Когда однажды Варламу Шаламову сказали, что он «прямой наследник всей русской литературы — Толстого, Достоевского, Чехова.» - с точки зрения литературной традиции, более лестную генеалогию сложно себе представить - он не обрадовался, а возмутился и довольно резко поправил: «Я — прямой наследник русского модернизма — Андрея Белого и Ремизова.»
       Родство это было для Шаламова не только средством отгородиться от ненавистной ему тени Толстого и от представления о русской литературе, как о чем-то, что – в самом лучшем случае – способно разве что более или менее удачно следовать в колее, проложенной классиками. Шаламов называл «Петербург» последним великими русским романом, упоминал Белого во многих своих теоретических работах, ссылался в письмах и считал предшественником не только в области стилистики и риторики, но и в области отношения к той самой традиции – «Бунт Белого против литературных канонов толстовской прозы - антипушкинской прозы был очень важен!»
       Там же, где дело касалось поэзии, Шаламов выражался еще более резко – мол, если образец русской лирики 20 века – это (некий коллективный) Яшин, «я предпочту гореть в аду вместе с Анненским и Белым».
       Так что, я, в свою очередь, полагаю важным, что Варлам Тихонович Шаламов – за что огромное спасибо жюри премии - в некотором смысле теперь действительно оказался вместе с Андреем Белым.
       Еще более важным – то обстоятельство, в силу которого и возникла заново эта связь.

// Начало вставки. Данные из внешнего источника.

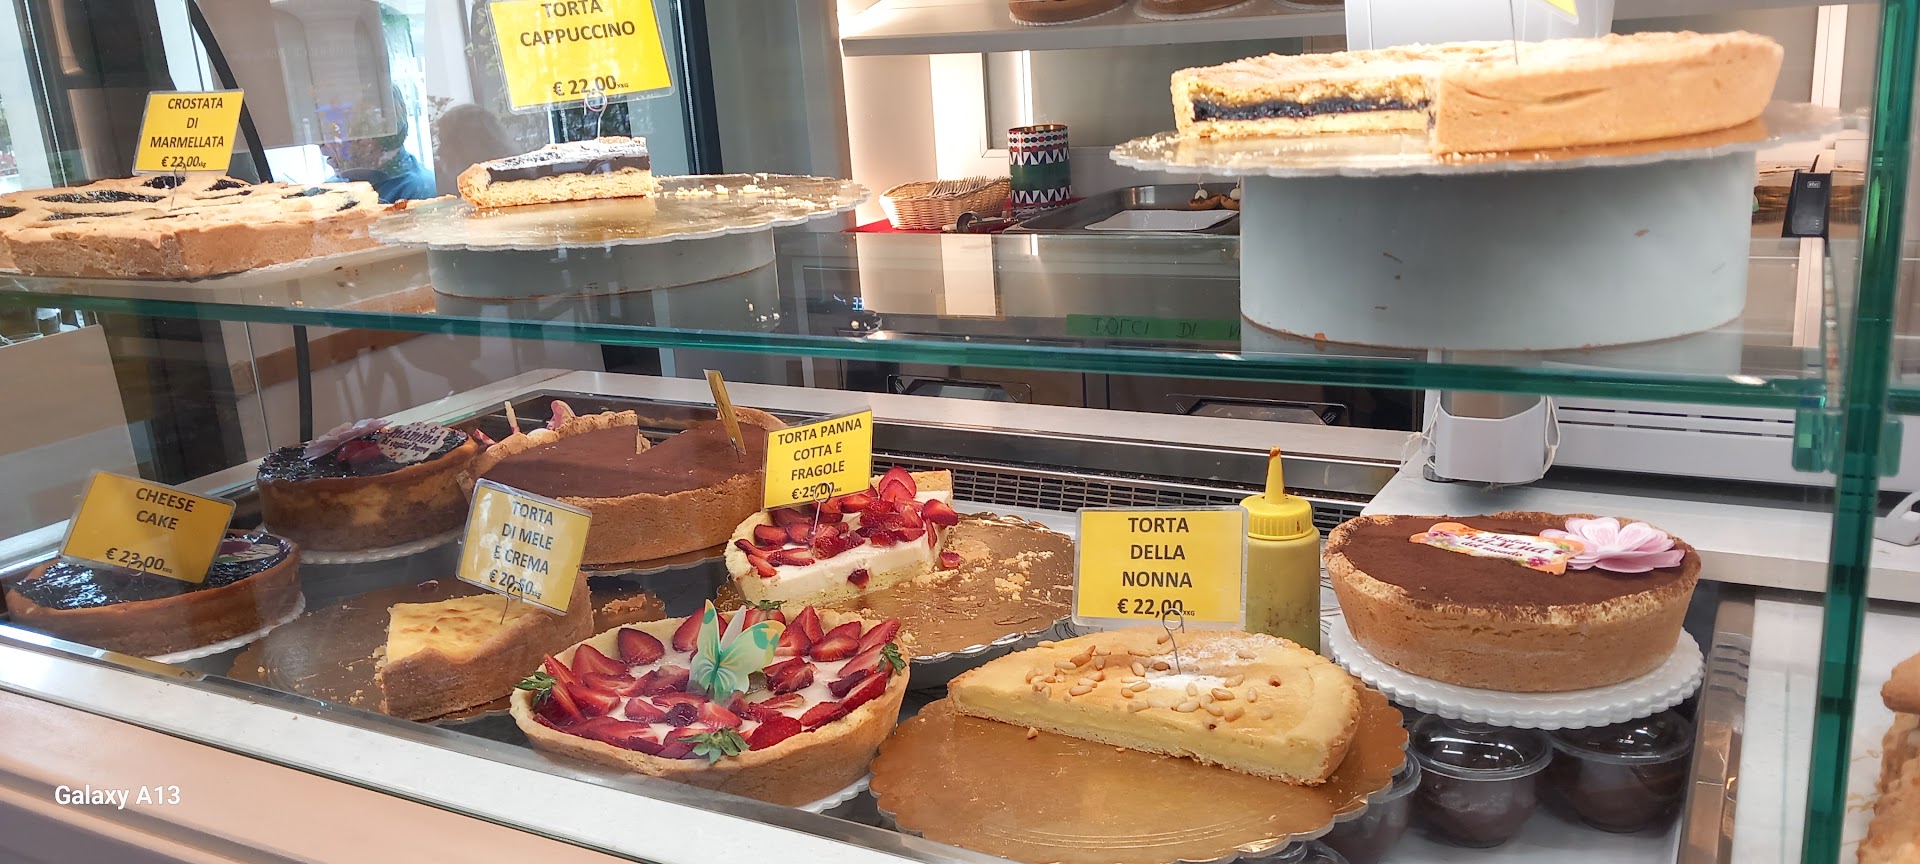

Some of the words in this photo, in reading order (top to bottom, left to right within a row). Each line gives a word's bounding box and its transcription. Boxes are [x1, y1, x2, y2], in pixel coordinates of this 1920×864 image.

[540, 0, 603, 18] TORTA
[520, 20, 635, 47] CAPPUCCINO
[552, 81, 565, 96] €
[167, 97, 223, 110] CROSTATA
[186, 117, 199, 129] DI
[150, 136, 224, 148] MARMELLATA
[161, 156, 169, 168] €
[777, 428, 818, 445] TORTA
[820, 418, 862, 437] PANNA
[793, 444, 832, 461] COTTA
[835, 442, 843, 453] E
[791, 460, 845, 481] FRAGOLE
[135, 487, 196, 513] CHEESE
[136, 510, 179, 530] CAKE
[512, 501, 554, 526] TORTA
[1128, 517, 1190, 533] TORTA
[501, 523, 517, 539] DI
[518, 528, 554, 550] MELE
[105, 547, 118, 560] €
[493, 545, 502, 559] E
[504, 548, 549, 575] CREMA
[1130, 544, 1186, 560] DELLA
[489, 569, 498, 583] €
[1122, 571, 1193, 588] NONNA
[1117, 598, 1129, 614] €

       То, что Варлам Шаламов уже существует в культуре, в обороте, в некоем общем представлении – хотя бы среди профессионалов – как замечательный прозаик. Как теоретик и практик литературы, живое ископаемое, наследник вымерших направлений десятых и двадцатых. Как писатель, заново поставивший перед собой (и всеми окрестностями) задачу создать прозу, которая будет своими параметрами воспроизводить параметры материала – и, при этом, восприниматься как первая реальность, с интенсивностью первой реальности.
       Как писатель, в «Колымских рассказах» успешно решивший эту задачу – и именно в силу оглушительного успеха едва не выпавший из литературы - ибо, естественно, в глазах большинства читателей объект, воспринимаемый как «бой, а не его описание», к художественной прозе отношения иметь не мог, а мог быть только свидетельством о той самой воспринимаемой реальности. Реальности, заметим, чудовищной – и осмысленной и воспроизведенной точно и беспощадно.
       Годы и годы для большей части аудитории Шаламов был свидетелем. Добросовестным – или не очень. «Нашим» - или «вражеским». Важным – или не особенно. Но именно свидетелем, безыскусно повествующем о Колыме, или о советской пенитенциарной системе, или о природе советской власти, в крайнем случае – о новом онтологическом опыте (заметим, что сам Шаламов считал этот опыт очень старым). Кем угодно – только не художником. То есть, не профессионалом, одна из рабочих функций которого – находить имена для того, чему нет имени, создавать способы отображения для того, что по природе своей немыслимо и не изобразимо.
       Если литературоведческая работа о Шаламове получает премию Андрея Белого, то опознание Варлама Шаламова как в первую очередь и по преимуществу художника, создателя новой прозы – можно считать доказанным, состоявшимся.
       И в этой связи я хочу сказать спасибо в первую очередь Варламу Тихоновичу Шаламову – за фантастическое поле исследования; журналу и редакции издательства «НЛО» и Ирине Дмитриевне Прохоровой – за то, что годами публиковали все это и издали эту книгу: всем, кто читал, помогал, советовал, редактировал; и жюри премии Андрея Белого – за эту высокую честь и за эту замечательную рифму.